- [Your instructions]: Your answer should repeat exactly the line containing "this 1600×1067 image." and all lines after it through the end of the material below, with no other text.

** Data under study follows **

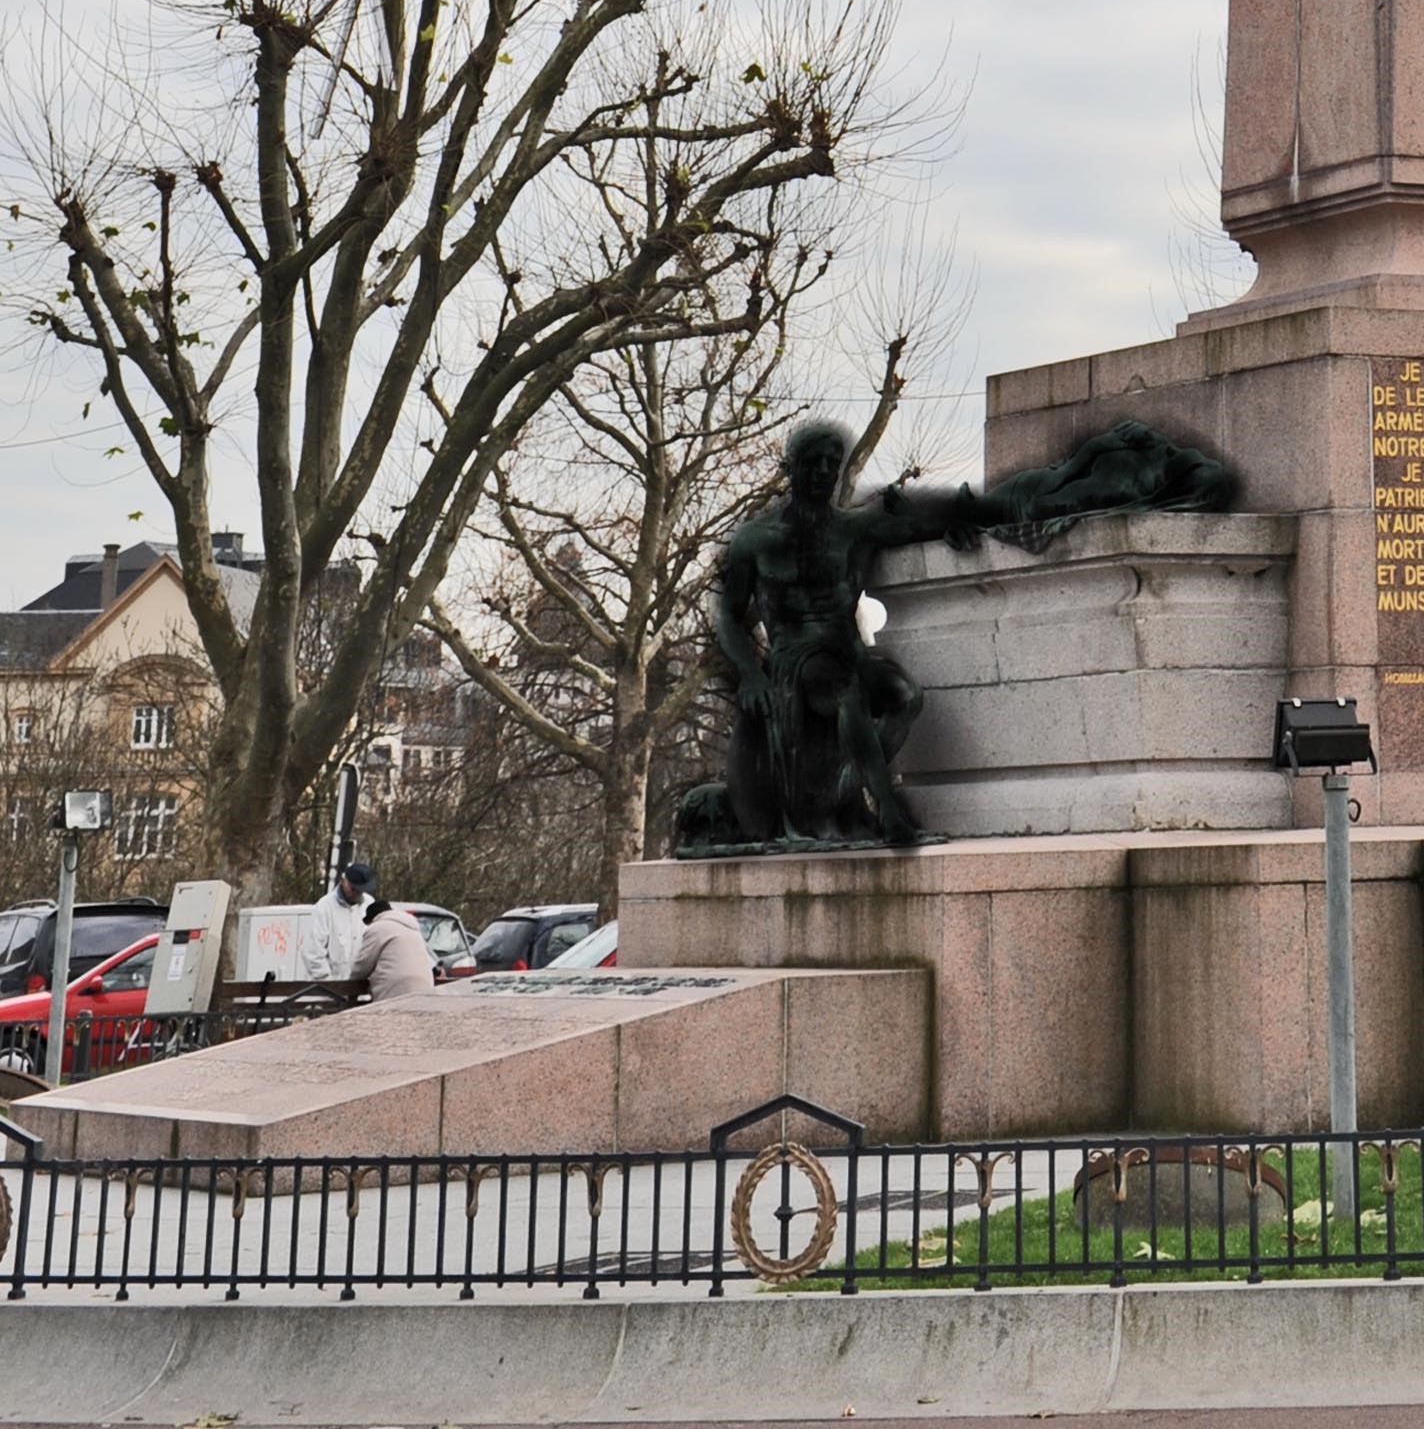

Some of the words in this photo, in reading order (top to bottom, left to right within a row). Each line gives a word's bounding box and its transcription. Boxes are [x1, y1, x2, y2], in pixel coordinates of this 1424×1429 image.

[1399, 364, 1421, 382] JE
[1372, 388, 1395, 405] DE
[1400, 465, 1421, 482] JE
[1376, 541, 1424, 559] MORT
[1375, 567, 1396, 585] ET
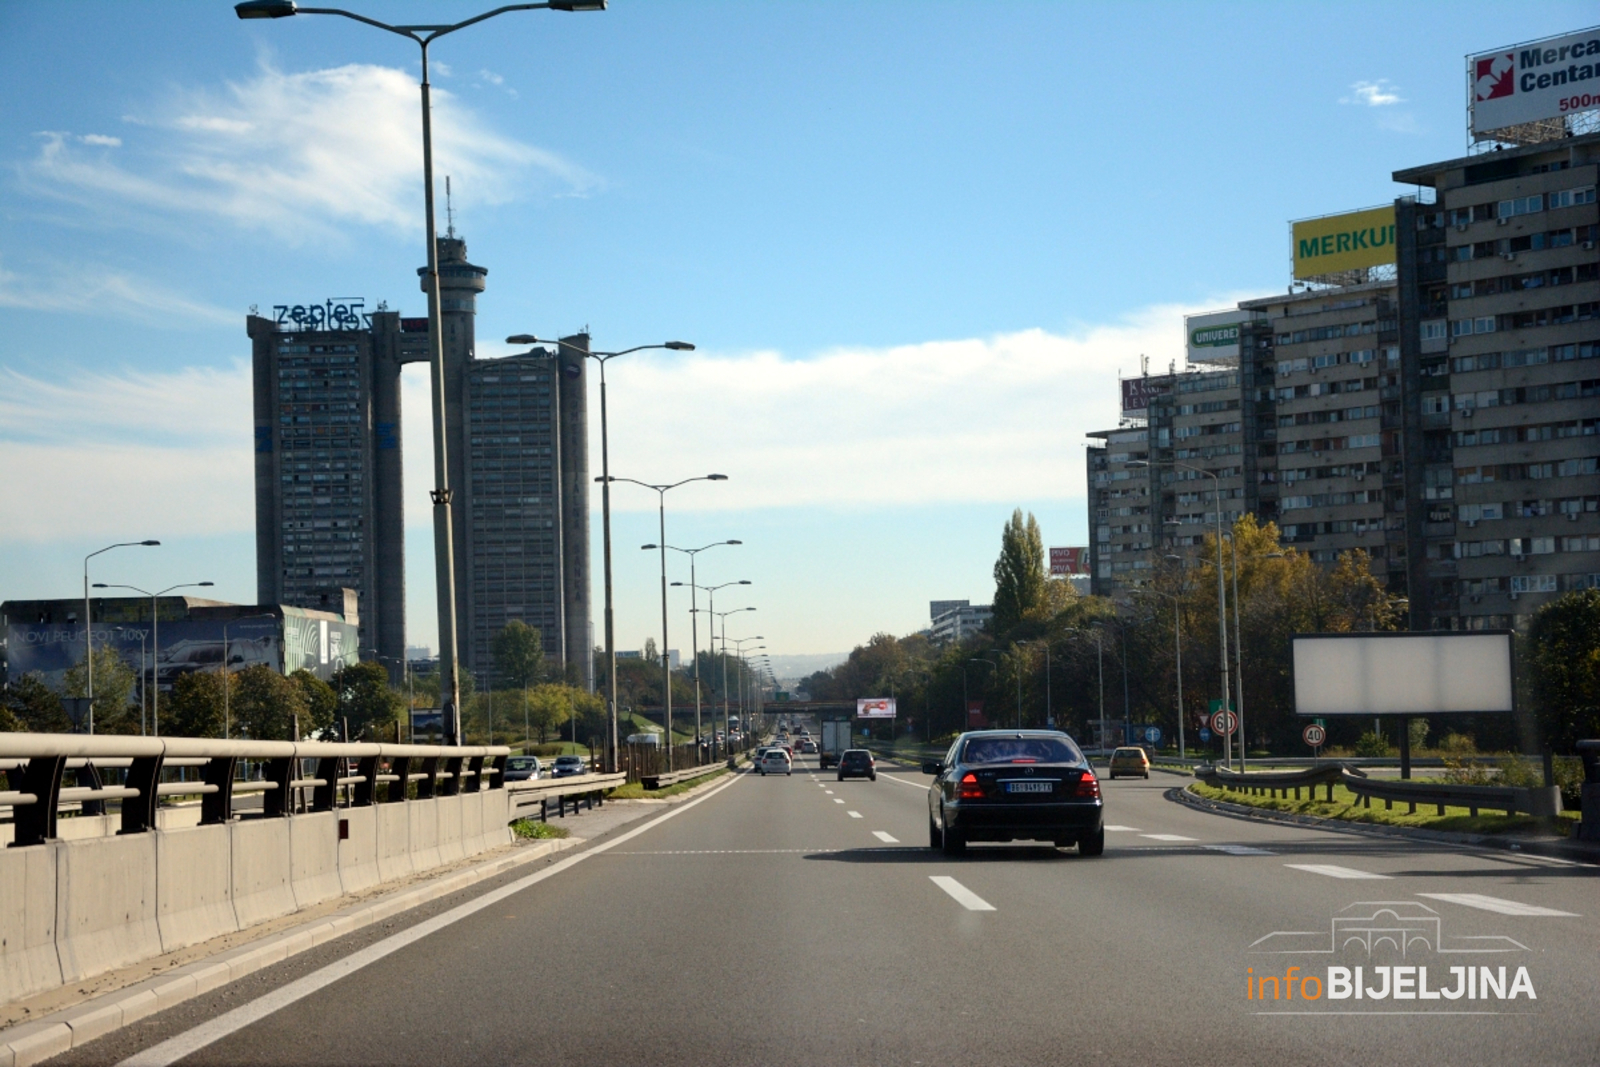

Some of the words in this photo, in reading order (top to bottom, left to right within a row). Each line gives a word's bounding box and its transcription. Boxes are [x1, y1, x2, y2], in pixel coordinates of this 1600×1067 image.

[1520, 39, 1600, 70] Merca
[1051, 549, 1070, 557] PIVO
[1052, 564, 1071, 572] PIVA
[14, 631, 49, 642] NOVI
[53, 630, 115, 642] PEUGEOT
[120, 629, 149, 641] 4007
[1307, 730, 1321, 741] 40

** End of Data under study **

- [Written solution]:
Some of the words in this photo, in reading order (top to bottom, left to right within a row). Each line gives a word's bounding box and its transcription. Boxes are [x1, y1, x2, y2], in pixel coordinates of this 1600×1067 image.

[1520, 39, 1600, 70] Merca
[1051, 549, 1070, 557] PIVO
[1052, 564, 1071, 572] PIVA
[14, 631, 49, 642] NOVI
[53, 630, 115, 642] PEUGEOT
[120, 629, 149, 641] 4007
[1307, 730, 1321, 741] 40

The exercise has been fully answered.